• **Records for the exercise**:
——————————
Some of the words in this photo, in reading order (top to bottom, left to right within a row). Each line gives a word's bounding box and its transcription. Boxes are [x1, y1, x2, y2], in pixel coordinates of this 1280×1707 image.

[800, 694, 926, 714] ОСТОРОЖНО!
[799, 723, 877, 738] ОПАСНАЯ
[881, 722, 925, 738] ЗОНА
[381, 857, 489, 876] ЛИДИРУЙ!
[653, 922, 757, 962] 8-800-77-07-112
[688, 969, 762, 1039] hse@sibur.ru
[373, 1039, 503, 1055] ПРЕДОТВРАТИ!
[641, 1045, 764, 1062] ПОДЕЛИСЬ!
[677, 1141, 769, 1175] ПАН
——————————
• **Problem**:
A complete, exact repeat of the records is the required answer.

• **Written reply**:
Some of the words in this photo, in reading order (top to bottom, left to right within a row). Each line gives a word's bounding box and its transcription. Boxes are [x1, y1, x2, y2], in pixel coordinates of this 1280×1707 image.

[800, 694, 926, 714] ОСТОРОЖНО!
[799, 723, 877, 738] ОПАСНАЯ
[881, 722, 925, 738] ЗОНА
[381, 857, 489, 876] ЛИДИРУЙ!
[653, 922, 757, 962] 8-800-77-07-112
[688, 969, 762, 1039] hse@sibur.ru
[373, 1039, 503, 1055] ПРЕДОТВРАТИ!
[641, 1045, 764, 1062] ПОДЕЛИСЬ!
[677, 1141, 769, 1175] ПАН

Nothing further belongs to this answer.